Besides the amusement park atmosphere around the fairgrounds, they have enormous beer halls on the fairgrounds where the Stammtischers mount their libational assault on Kantian reason. Just in the beer hall in which I “stammtisched” (can I use it as a verb?) with my friends, I shared the revelry with about 10,000 other people in a single hall. It was an enormous structure and everywhere you looked there was a sea of people hoisting high their yellow flagons, singing along in thick, throaty tones to the oompa band in the middle. The more people drank, the more they climbed on their stools and benches, I suppose trying to get as high physically as they were getting blood-level wise. The singing too grew increasingly loud and paradoxically on-key, as the volkgeist found its harmony in both German- and English-language songs rolling over the crowd. Next thing you know, they are standing on the tables, higher still, and the singing by now was thunderous, bellowing like elephant seals. There's something about singing in large crowds that has always been appealing to humans, something about the communion that occurs when each individual joins with like-others to produce something harmonious; it's the exact opposite of politics, which is often one long argument that one can never win, except temporarily, and frustrates this innate need for agreement and consensus. Three voices joined in harmony is a delight, but ten thousand in unison is a wall of uplifting sound. Think of the magnificent chorus of dozens in Beethoven's "Ode to Joy," and multiply that by, oh, about a thousand. While I'm not particularly religious, I suppose there is something God-like in this pursuit, a sense of climbing higher and higher onto the stools, the tables, in beer content, in our attempts to reach some divine summit. Perhaps I had drank too much beer myself, but this loud bellowing mass suddenly seemed like something life-affirming and even sloppily beautiful, a Stammtisch of Thousands within this beer hall. Yet as I realized later (once the effects of the beer had worn off?), the flipside is that these sorts of rituals can and have been abused, whether during the patriotic "rally around the flag"-fest that occurred after the 9-11 terrorist attacks (when the number of Americans who were willing to support the use of torture spiked in the opinion polls) or during the Nazi mass rituals that used symbols and, yes, song to unite a people's will around a perverse destination.

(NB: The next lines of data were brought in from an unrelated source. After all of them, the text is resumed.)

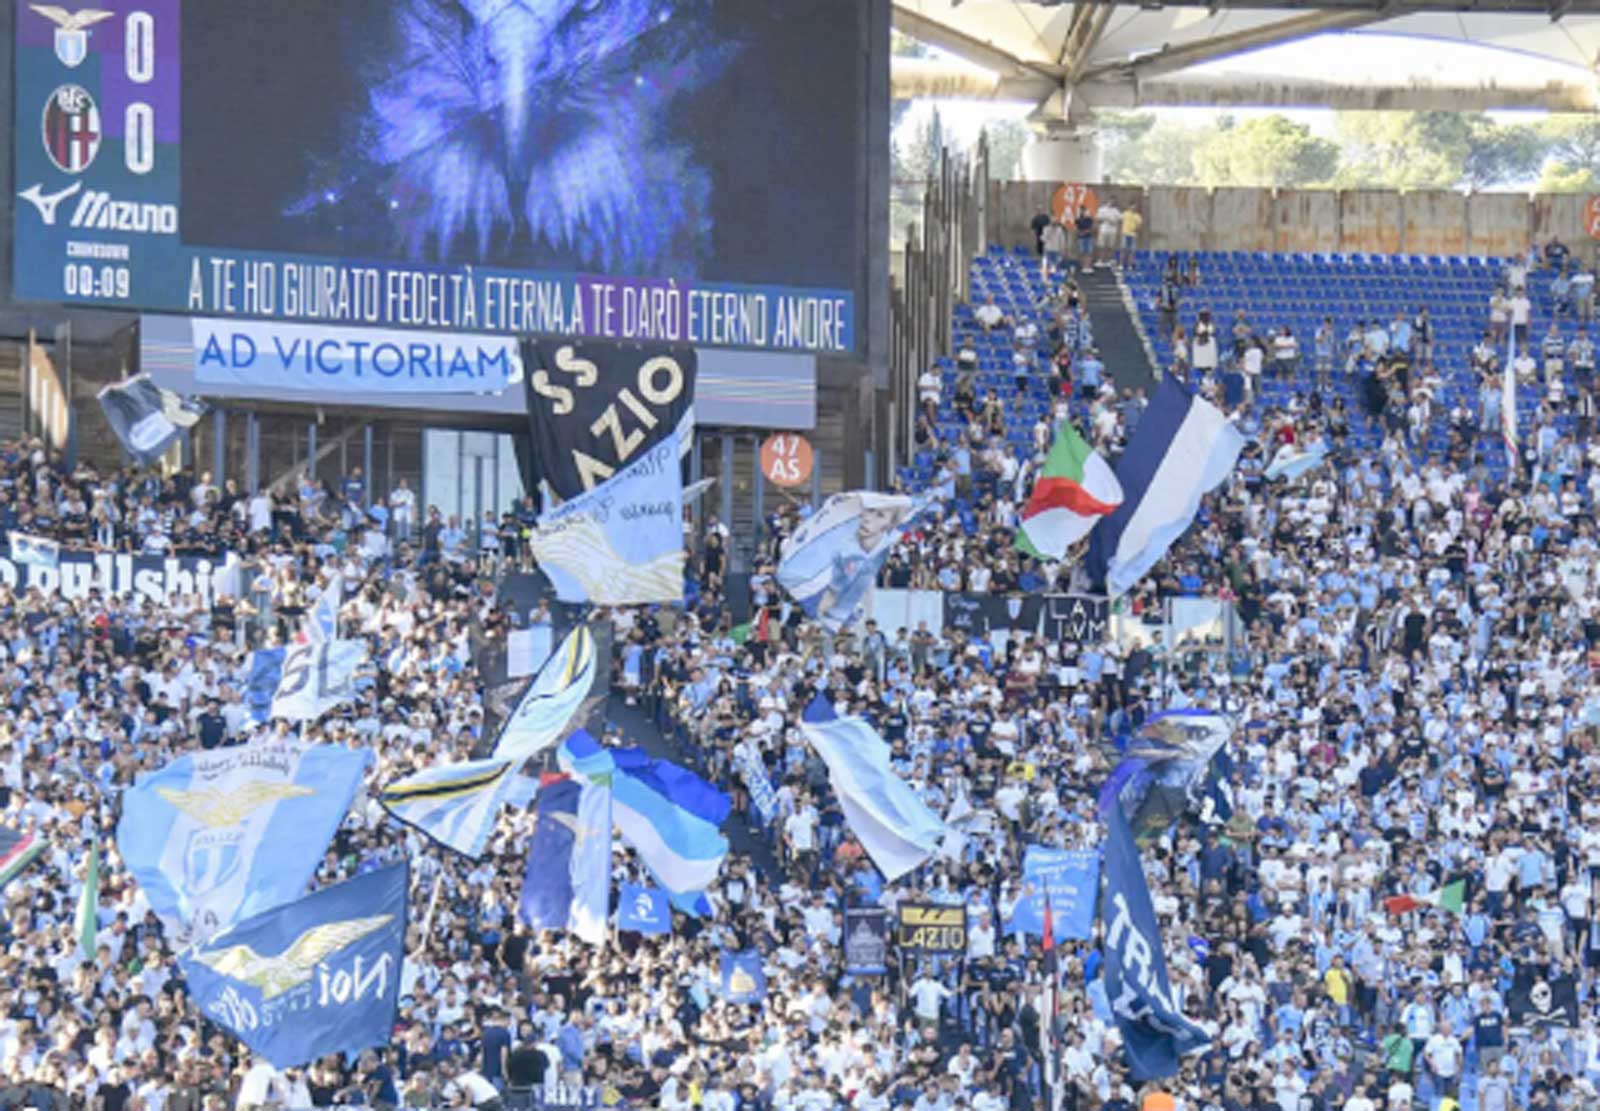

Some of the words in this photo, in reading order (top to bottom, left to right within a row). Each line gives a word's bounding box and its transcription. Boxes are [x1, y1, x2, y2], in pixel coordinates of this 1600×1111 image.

[125, 11, 154, 83] 0
[125, 102, 154, 174] 0
[188, 257, 204, 310] A
[211, 259, 237, 313] TE
[243, 262, 276, 315] HO
[283, 264, 379, 322] GIURATO
[386, 266, 477, 328] FEDELTÀ
[591, 283, 616, 338] TE
[622, 279, 681, 341] DARÒ
[687, 290, 767, 346] ETERNO
[772, 298, 846, 350] AMORE
[199, 334, 258, 369] AD
[272, 337, 509, 378] VICTORIAM
[531, 346, 598, 414] SS
[560, 356, 684, 497] AZIO
[772, 433, 800, 453] 47
[769, 458, 801, 481] AS
[899, 925, 966, 950] LAZIO

American Stammtisch of fear? Must be election time. On this same day I heard on the news that the US State Department had issued an extremely rare travel advisory telling Americans to beware of potential terrorist threats in Europe. The State Department warned that a small cell of potential terrorists from Pakistan is preparing an attack. Plotters could be planning to use "a variety of means and target both official and private interests," the State Department said, adding that Americans in Europe should be careful on trains, subways and other transportation systems, and in visiting hotels, restaurants and tourist spots. I couldn't resist asking some Europeans, as well as Americans living in Europe, what they thought of this warning. Without exception they all shook their heads and smiled. "There go the Americans again," said one. "This is nonsense. How are the terrorists supposed to distinguish between an American and other Europeans? Why would Americans be in more danger than anyone else here? Yet you don't see the German and French governments raising their threat levels." Indeed, the German and French governments downplayed the alleged threat, though the British government -- the usual American ally in these matters -- did raise its level.

One German friend offered a rather unflattering explanation for the American government’s over-reactive posture. "It must be election time again," she said. "Your politicians always try to scare voters into voting for them." She pointed out how the Bush administration had excelled at using fear to rally voters’ loyalty, and wondered why the Obama administration would be tearing a page out of the Bush playbook. "They really must be worried about the November elections." The Americans I talked to, all of whom live in Europe, for the most part agreed.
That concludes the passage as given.